For the most part, these patents disclose the use of a dielectric coating on one face of each pair of adjacent reactor plates. When the plates are assembled, the coatings face each other and are maintained in spaced relationship by at least a pair of dielectric posts which span the distance between the coatings. As a result, each pair of adjacent reactor plates are separated by a very short "creep" distance which is defined as the distance through which electric charges from one plate can creep toward and onto the next adjacent plate when the two plates are at different potentials. In the aforesaid patents, this distance is measured in fractions of an inch because the reactor plates are quite close together because the dielectric posts are very short in length.
The use of the aforesaid dielectric posts requires frequent maintenance to keep the posts clean. They acquire deposits on their outer surfaces due to impurities in the air passing between the plates. These impurities provide the path by means of which charges "creep" from one plate to another. When this creeping occurs, stresses are set up in the dielectric coatings which eventually cause them to break down so as to result in a massive arc-over between the plates.

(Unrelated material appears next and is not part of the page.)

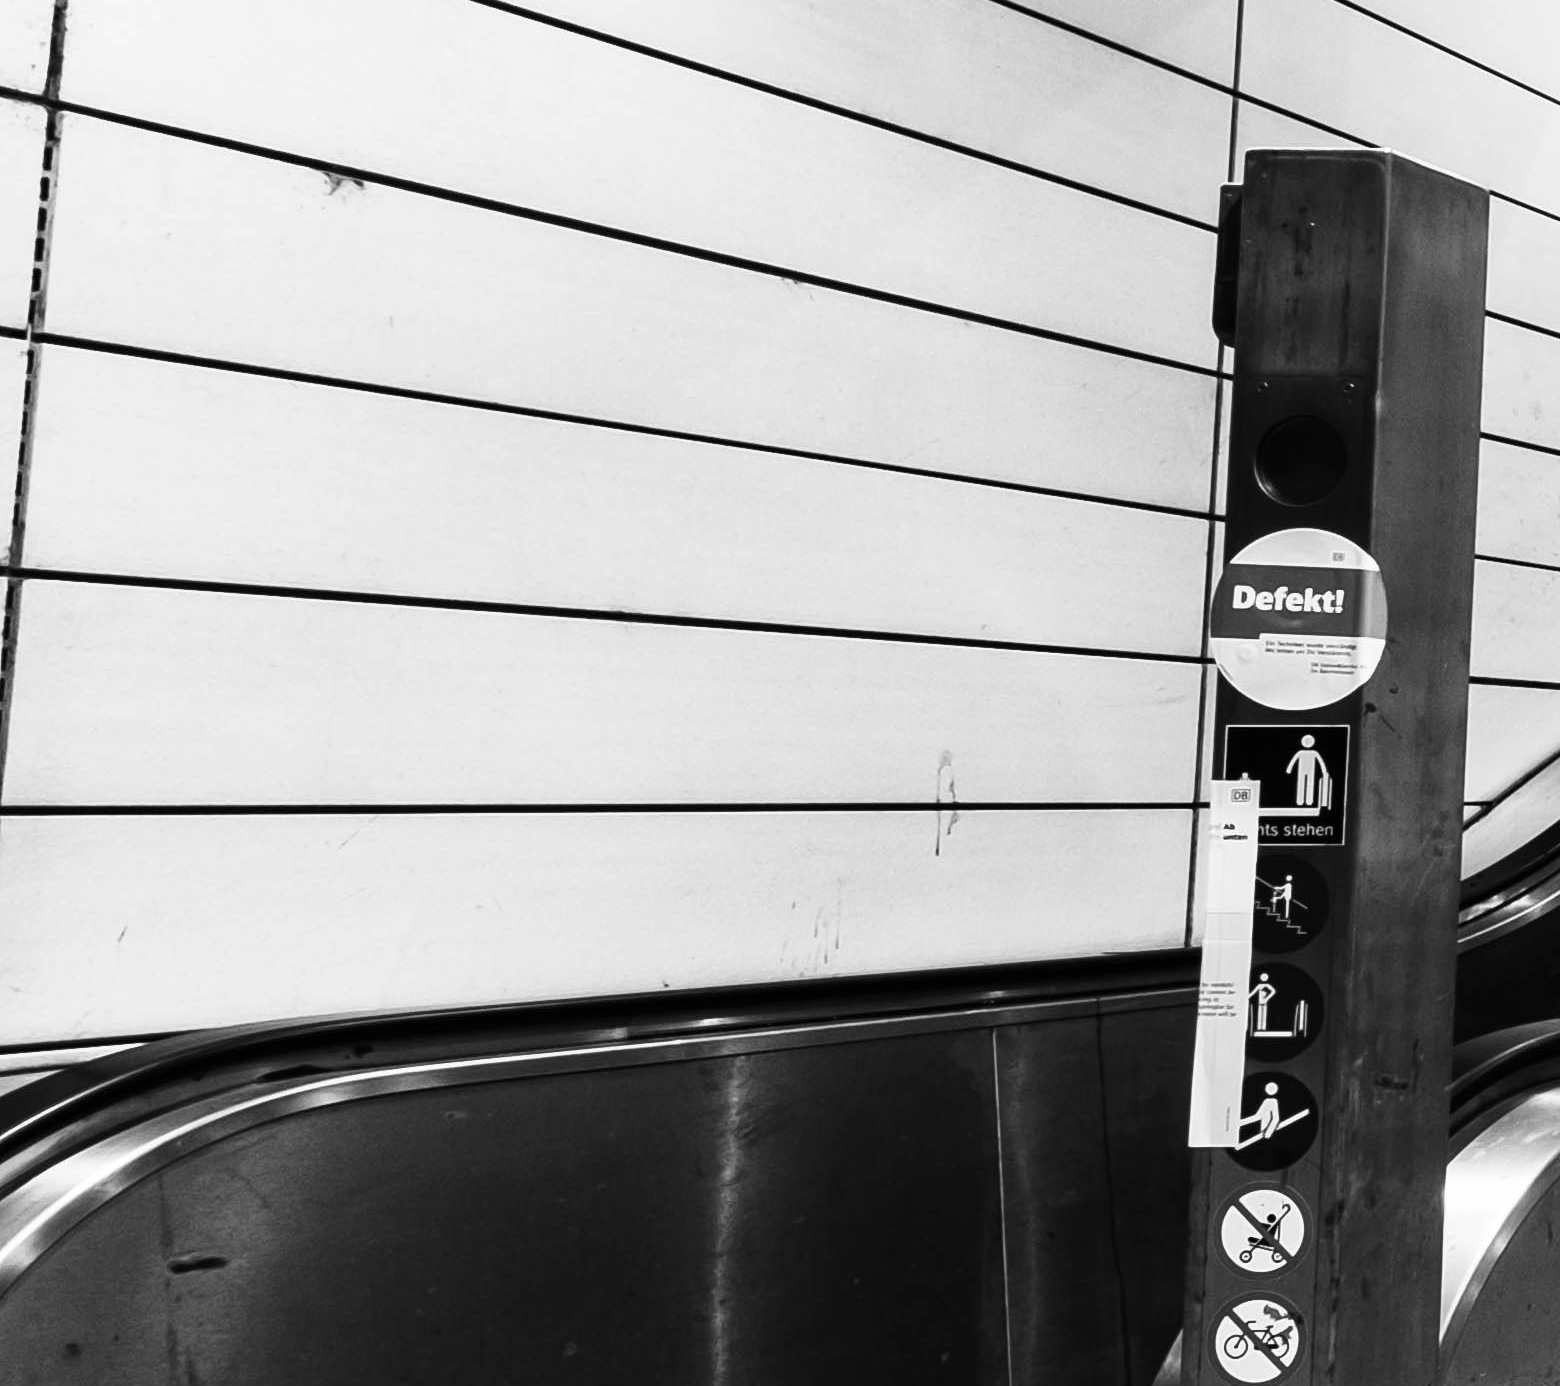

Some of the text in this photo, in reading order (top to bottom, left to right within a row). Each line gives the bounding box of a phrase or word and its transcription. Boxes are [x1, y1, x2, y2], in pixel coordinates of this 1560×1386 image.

[1232, 584, 1345, 614] Defekt!
[1233, 791, 1248, 800] DB
[1283, 823, 1334, 837] stehen

Other disclosures have shown that the reactor plates of an ozone generator can be hollow for receiving a coolant, such as water or oil, passing therethrough to cool the same during operation. Such disclosures include the following U.S. Pat. Nos. 2,118,969; 3,364,129, and 3,671,417. For the most part, the plates of these disclosures are bulky and heavy thereby requiring considerable space and complicated support structure.
Conventional ozone generators have generally not been provided with means for controlling the way in which air is directed into the spaces between the reactor plates and the way in which the ozone is removed from such spaces. Inlet air enters the reactor region at one location and must distribute itself merely by back-pressure built up in such region due to a single, relatively small outlet. With no such control, incoming air is not uniformly distributed in the spaces so that certain portions of the spaces lack sufficient air for efficient ozone production while other portions of the spaces have an overabundance of air.
In a conventional ozone generator using coolants, it is required that the coolant be lowered in temperature after passing through the generator. This requires a refrigeration system whose evaporator is in heat exchange relationship to the coolant coming from the generator. Thus, both a coolant itself and some type of cooling apparatus, such as a refrigeration system with its refrigerant, is required to cool the reactor plates of an ozone generator when the plates have fluid passages therethrough.
Some types of conventional ozone generators cool only every other plate. This causes high temperatures in the regions between the electrode plates, resulting in minimal ozone production. Thus, relatively large plates are required to obtain a worthwhile ozone yield. In other conventional generators, only two electrode plates are used; thus, only one side of each plate is used for ozone production.